In days of pension-related turmoil, French public radio and television channels do not limit themselves to reporting on the strikes and demonstrations attracting hundreds of thousands of angry citizens. Their reporters often double as cheerleaders for the unions and the political Left and ultra-Left. That is, when the journalists, paid by the public purse, are not on strike themselves. During the many days of action declared by the trade unions and left-wing political parties, a mix of nationwide strikes and demonstrations, the usually exhaustive and well-presented news bulletins on public radio shrivel to a few minutes … about the strikes.

Elsewhere in the Western world, this would be seen as a journalistic dereliction of duty, of taking sides in a highly volatile dispute about money. In France, this kind of criticism is seldom heard.

Recently, reporters practically handed the first 20 minutes of the main afternoon news bulletin on France 2 over to supporters of the strikes. It ended with only one timid voice of dissent: a worker in a bakery complaining that the strikers are once again “taking the people hostage” by bringing public transport to a standstill and blocking oil refineries.

The demonstrations and strikes that began on Jan. 19 have remained relatively peaceful, but they have begun to turn violent, as French protests tend to do. In these cases, according to the conservative French philosopher and writer Pascal Bruckner, some French media outlets often downplay the burning and looting on the Champs-Elysées and in towns and cities across the land.

In an interview with the weekly magazine Le Point, Bruckner accused certain media outlets of voluntarily doing the rioters’ bidding, especially for those belonging to the loosely organized Yellow Vests movement. In so doing, Bruckner argued, they turn a blind eye to the Yellow Vests’ tyrannical, nihilistic streak, propensity to violence, and political extremism, of both the left- and right-wing variety.

The Yellow Vests’ idealistic coat of varnish wore off quickly when some of them literally started hitting the media that earlier had found excuses for their bouts of violence, according to Bruckner. On pension reform, he is on Macron’s side, which is rare in a country where intellectuals still tend to belong to the Left.

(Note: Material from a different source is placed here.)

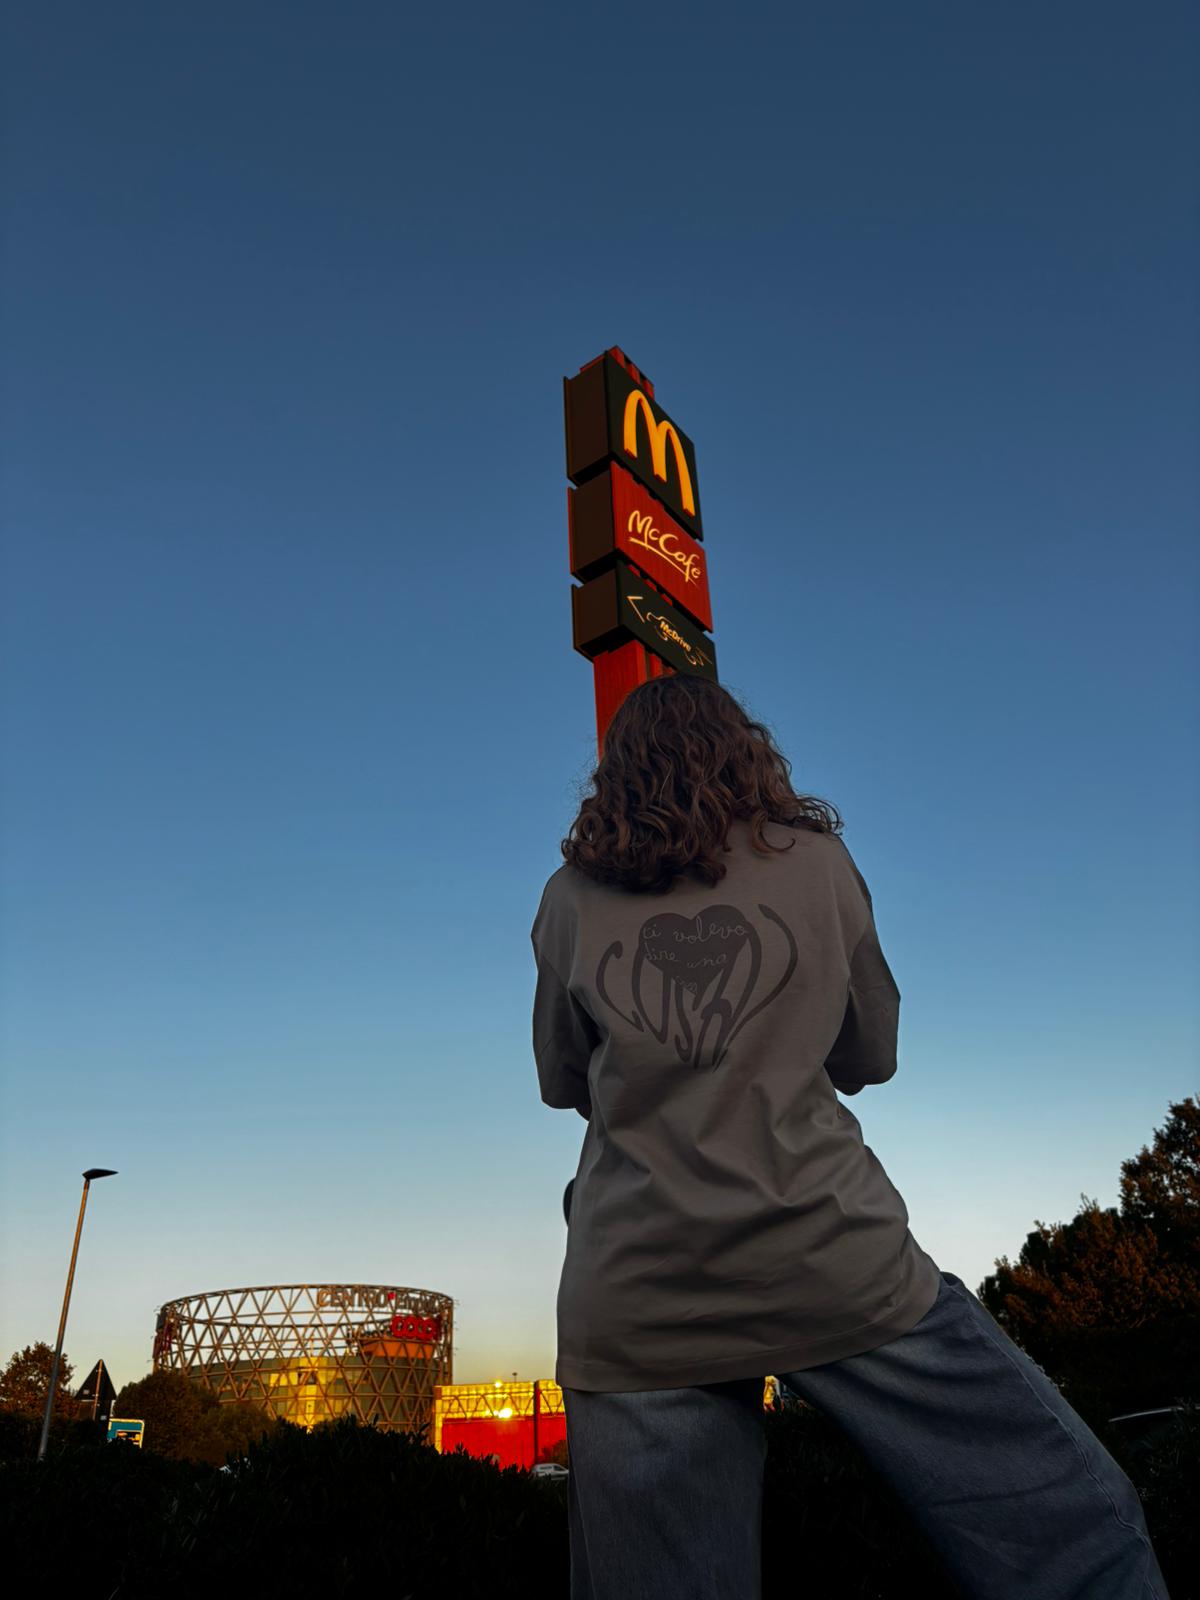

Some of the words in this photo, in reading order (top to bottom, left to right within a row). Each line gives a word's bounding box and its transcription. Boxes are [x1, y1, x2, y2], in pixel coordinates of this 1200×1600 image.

In the interview, Bruckner recalled with horror sociologist Pierre Bourdieu’s outcry during a previous, successful strike against pension reform. Raising the retirement age, according to Bourdieu, “constitutes nothing less than the destruction of civilization.”

Bourdieu is no longer with us, but the French aversion to work and the idealization of retirement are as strong as when he harangued demonstrators on a Paris street in 1995. Pascal Bruckner wrote a book, Une brève éternité, on the, in his view, infantile intellectual state of his country. In his book, he castigates France’s conformity to a stifling moral climate in which work is synonymous with suffering, in coherence with the country’s best anti-capitalist traditions. Bruckner, who regularly lambasts anti-white multiculturalism, was struck by a slogan he saw painted on a wall in Paris during an earlier strike wave: “Let’s strike until we retire.” With a touch of humor, it sums up the mood in a country where most intellectuals encourage such sentiments, he thinks.

In a recent interview with the Dutch magazine Elsevier, Bruckner argues that the French have been led to believe that life reaches its fullness only toward the end, shorn of all work-related obligations, not realizing that retirement can mean a trap, a condemnation to idleness that can make strong and healthy “elderly” people whittle away in no time. The praise of idleness has perverted the French, Bruckner goes on, citing as proof “teenagers old before their time,” incited by an extreme leftist politician in his 70s, Jean-Luc Mélenchon, to fight for their retirement plan.

Bruckner concluded: “These youngsters long for the end of their working lives before it has even begun. They should know that the twilight is radiant only when sunlight has shone on the morning and afternoon.”